The lock down, keep your distance, no large crowds, stay at home, isolate the elderly and the vulnerable for 12 weeks and wash your hands approach is best described as the top down approach.  Government Advice.

It is imposed or suggested from above.

It is an umbrella policy. 

It is a very broad brush.

It has no detail.

It is partly an order,  and partly an advice, issued by the UK Government.

The policy is to slow the spread of the infection.

As things stand there is no policy in place to stop the spread of the infection.

Two entirely different policy choices, with profoundly different outcomes.

The UK Government's claim is that this slowing of the spread is necessary in order to prevent a potential overwhelm of the NHS as it stands.

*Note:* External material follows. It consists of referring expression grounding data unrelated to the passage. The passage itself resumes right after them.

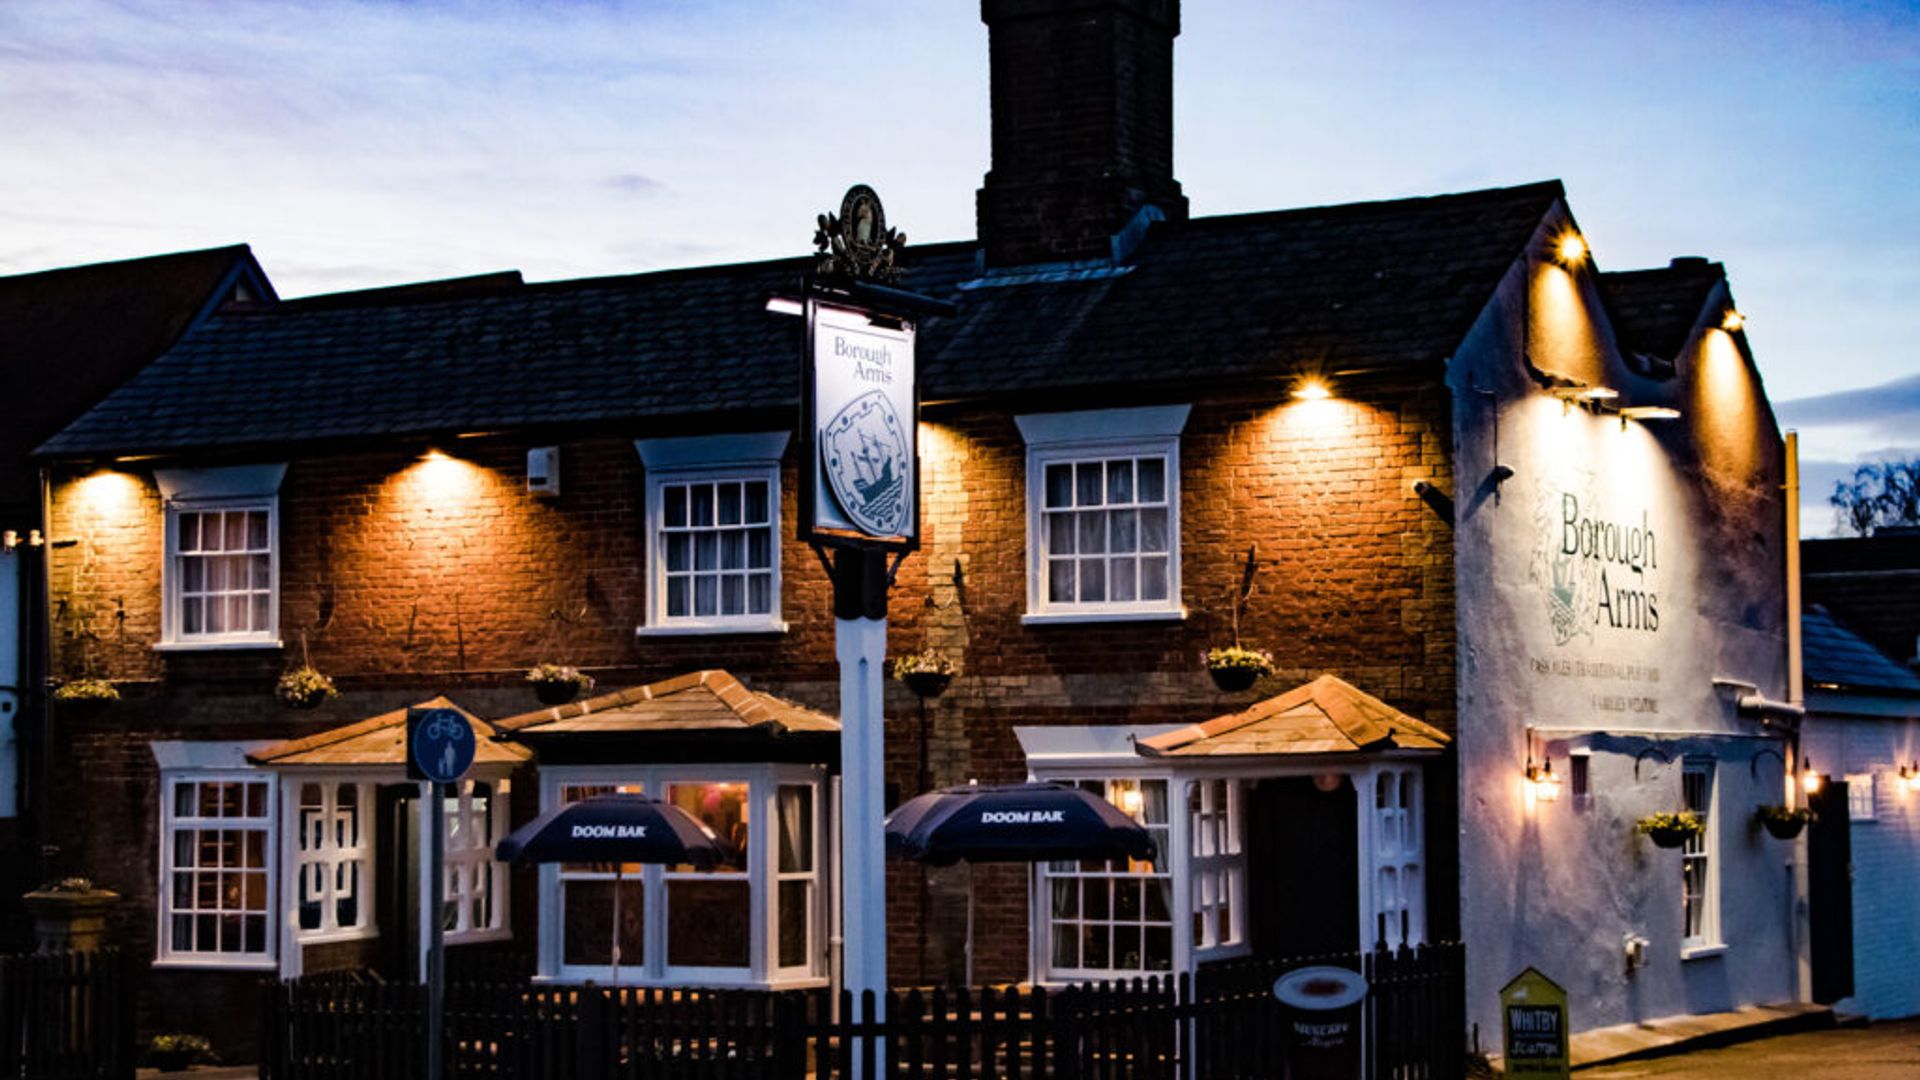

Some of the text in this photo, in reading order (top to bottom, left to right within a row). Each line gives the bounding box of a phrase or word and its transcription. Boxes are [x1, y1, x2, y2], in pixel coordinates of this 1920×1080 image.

[834, 335, 892, 367] Borough
[853, 361, 893, 384] Arms
[1561, 492, 1657, 584] Borough
[1594, 567, 1659, 632] Arms
[981, 810, 1064, 824] DOOM BAR
[572, 825, 647, 838] DOOM BAR
[1510, 1008, 1558, 1031] WHITBY
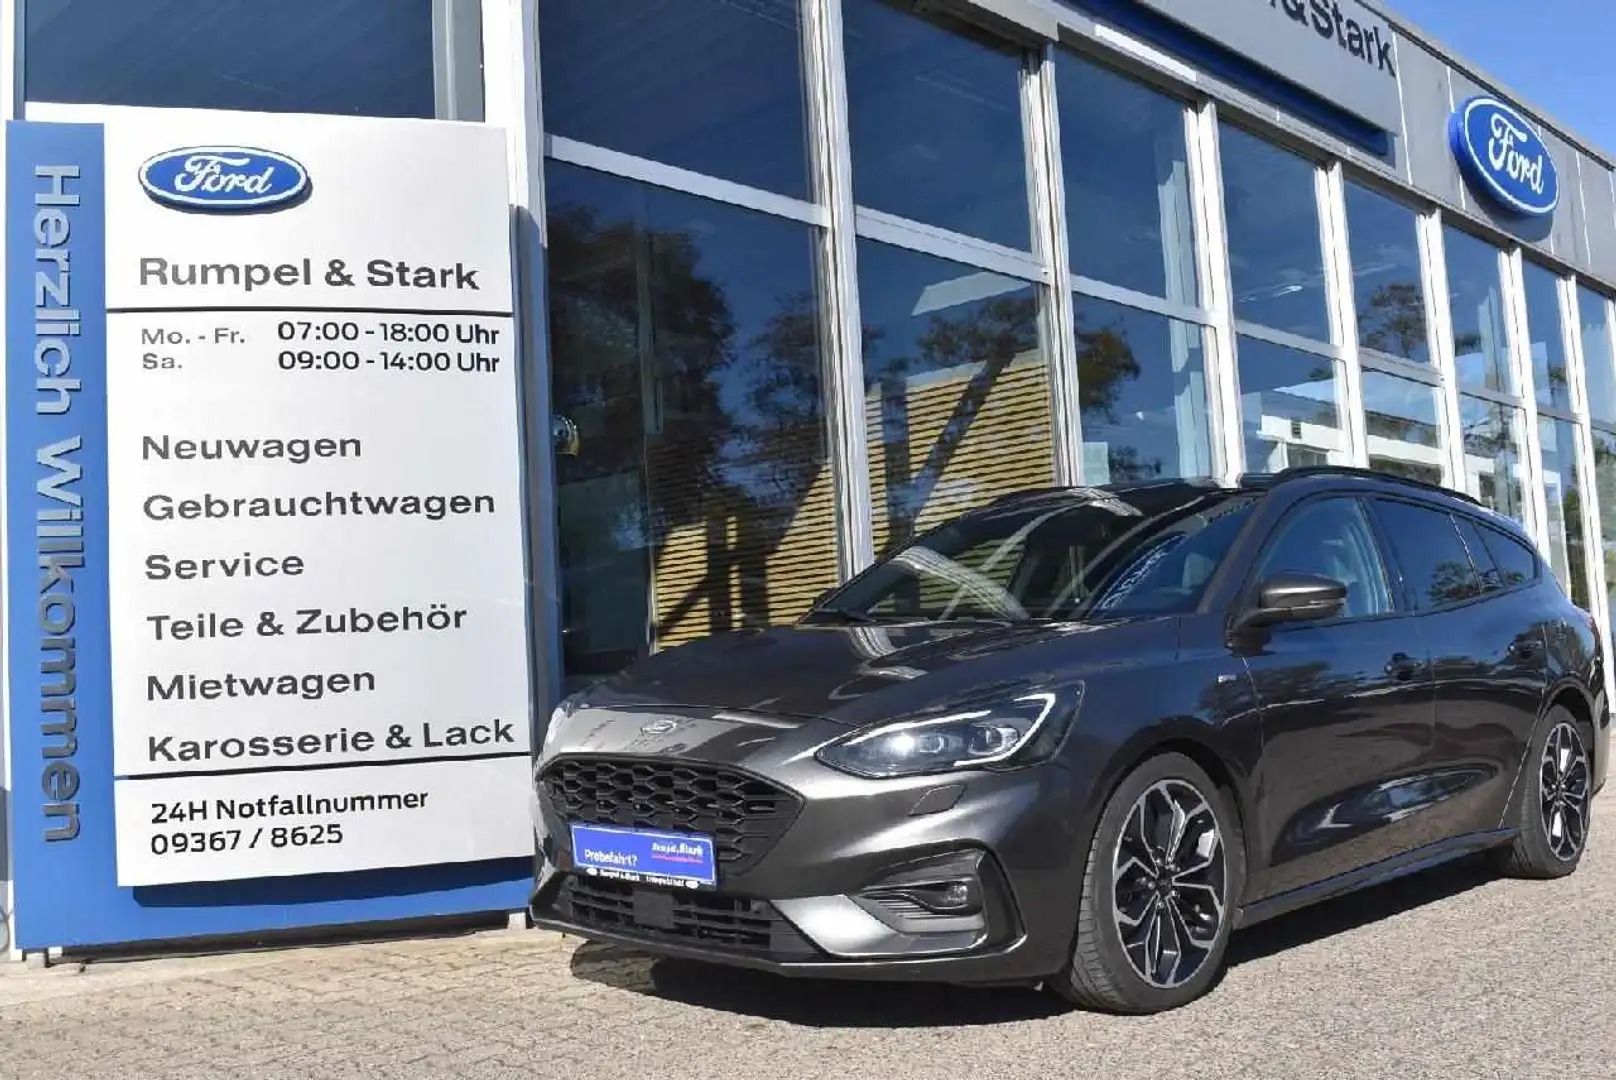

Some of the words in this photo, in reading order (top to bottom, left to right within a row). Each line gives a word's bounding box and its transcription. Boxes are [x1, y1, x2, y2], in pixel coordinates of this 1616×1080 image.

[1309, 0, 1397, 78] Stark
[1488, 113, 1545, 194] Ford
[174, 154, 275, 194] Ford
[34, 164, 81, 415] Herzlich
[140, 257, 311, 292] Rumpel
[324, 259, 356, 287] &
[367, 259, 480, 291] Stark
[141, 328, 191, 345] Mo.
[214, 327, 245, 344] Fr.
[277, 320, 360, 341] 07:00
[378, 322, 450, 343] 18:00
[455, 323, 500, 345] Uhr
[142, 352, 182, 370] Sa.
[277, 350, 360, 370] 09:00
[379, 351, 451, 372] 14:00
[456, 352, 500, 373] Uhr
[142, 434, 362, 465] Neuwagen
[143, 490, 496, 521] Gebrauchtwagen
[145, 551, 305, 580] Service
[36, 434, 85, 843] Willkommen
[146, 612, 244, 641] Teile
[256, 611, 285, 637] &
[295, 603, 468, 635] Zubehör
[147, 671, 375, 702] Mietwagen
[148, 727, 376, 763] Karosserie
[385, 723, 413, 750] &
[422, 718, 515, 748] Lack
[150, 800, 208, 825] 24H
[215, 791, 429, 820] Notfallnummer
[150, 831, 242, 856] 09367
[248, 827, 264, 850] /
[270, 823, 344, 848] 8625

Their claim is that by isolating the elderly and those in care settings we can allow the infection to spread among the general population of 'fit' people and thus protect the vulnerable and the NHS.

Sounds good.

What does slow the spread of infection really mean?

It means to allow the spread of the infection, albeit more slowly.

How is that possible?

When we all  carry on as normal, what do we need to do to make the infection spread more slowly than if we deliberately exposed ourselves to the viral infection by continuing with our everyday interactions.

Masks, physical distance, hand hygiene, limits on indoors gatherings, work from home is what is on offer.

What is not available is the resource base for rapid suppression of localised surges and outbreaks - expert effective local contact tracing,  economic support for quarantine, economic and medical support for isolation treatment, local real time data and information so that locally people can see where outbreaks are happening and take action to reduce contact or exposure to infection and then stop the spread of the infection.

What is on offer guarantees that the infection WILL spread, just slowly.

That is what slow spread means. There is a problem - slow spread cannot be controlled, it will always lead to exponential growth at some stage.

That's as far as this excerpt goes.